● **Assignment**
Each entry should be set down again verbatim, with the images omitted.

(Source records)
========
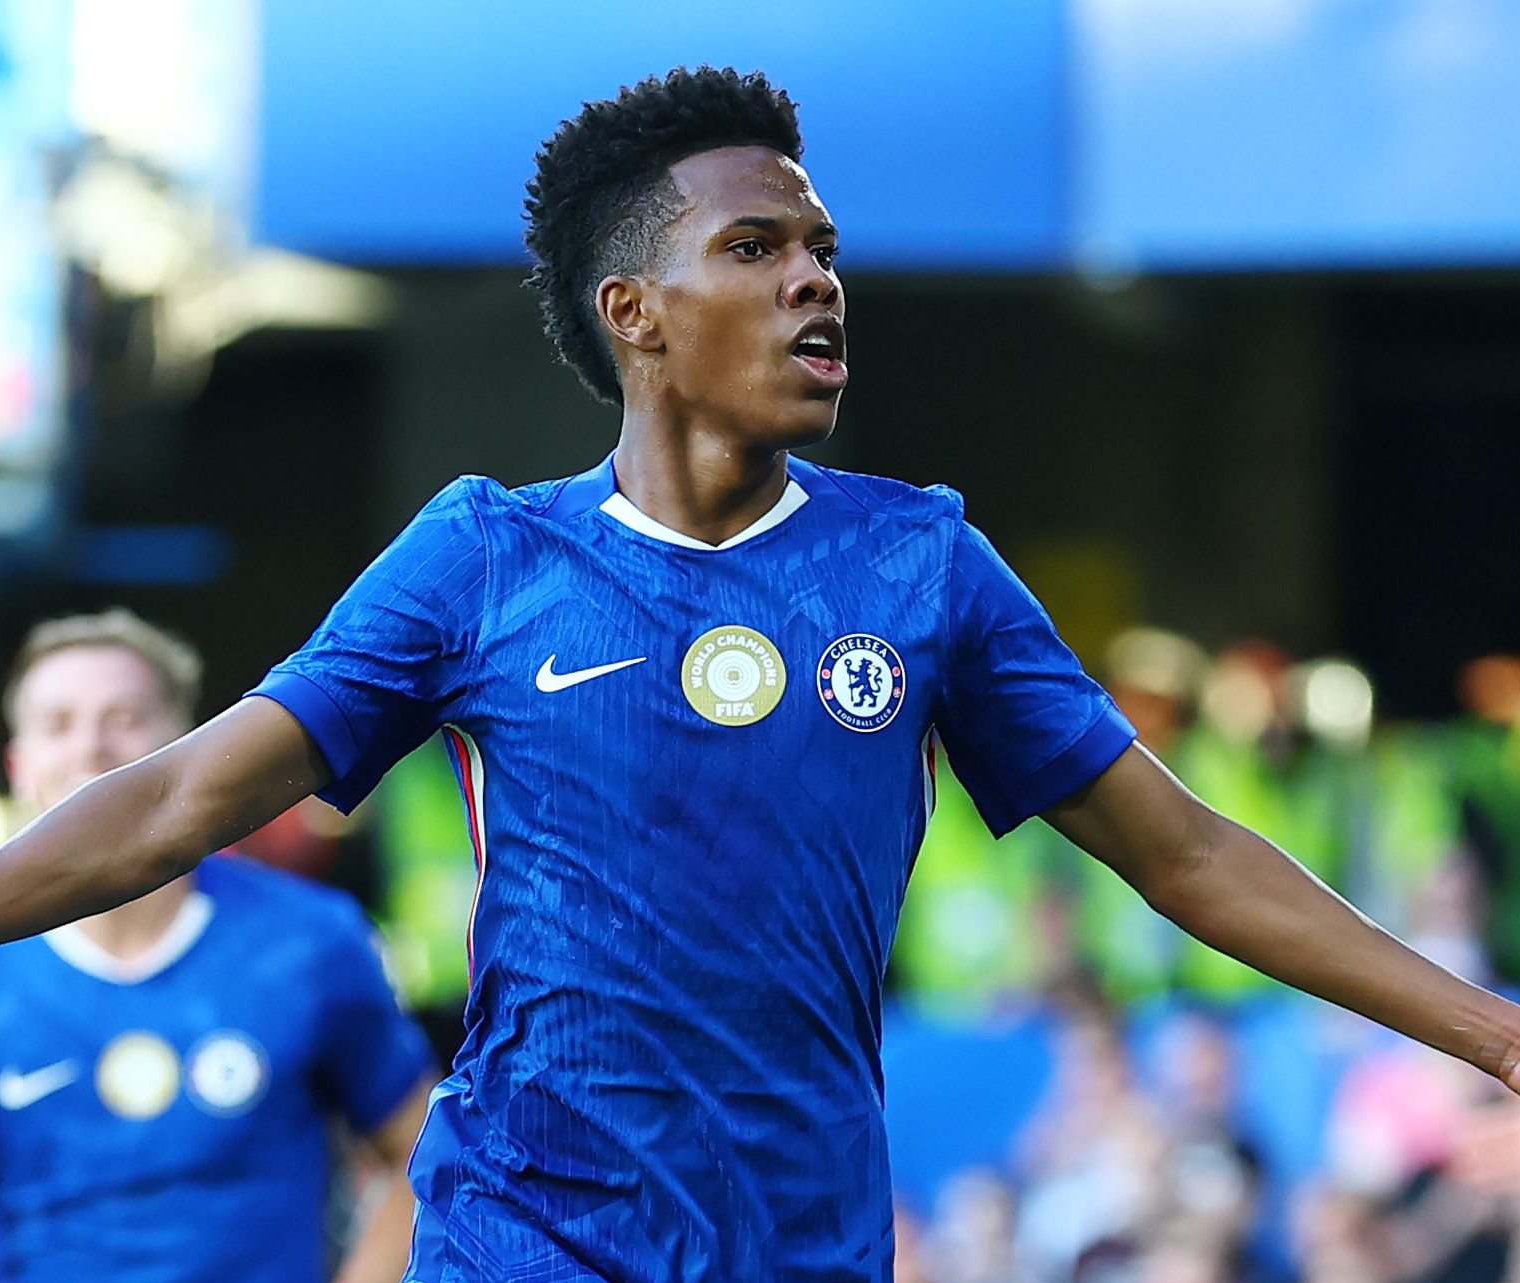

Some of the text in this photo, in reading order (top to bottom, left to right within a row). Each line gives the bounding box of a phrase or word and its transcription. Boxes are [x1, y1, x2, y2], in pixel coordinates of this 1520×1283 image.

[830, 638, 887, 659] CHELSEA
[691, 634, 777, 689] WORLD CHAMPIONS
[715, 702, 755, 717] FIFA
[836, 708, 892, 727] FOOTBALL CLUB
========
● **Answer box**
Some of the text in this photo, in reading order (top to bottom, left to right within a row). Each line gives the bounding box of a phrase or word and its transcription. Boxes are [x1, y1, x2, y2], in pixel coordinates of this 1520×1283 image.

[830, 638, 887, 659] CHELSEA
[691, 634, 777, 689] WORLD CHAMPIONS
[715, 702, 755, 717] FIFA
[836, 708, 892, 727] FOOTBALL CLUB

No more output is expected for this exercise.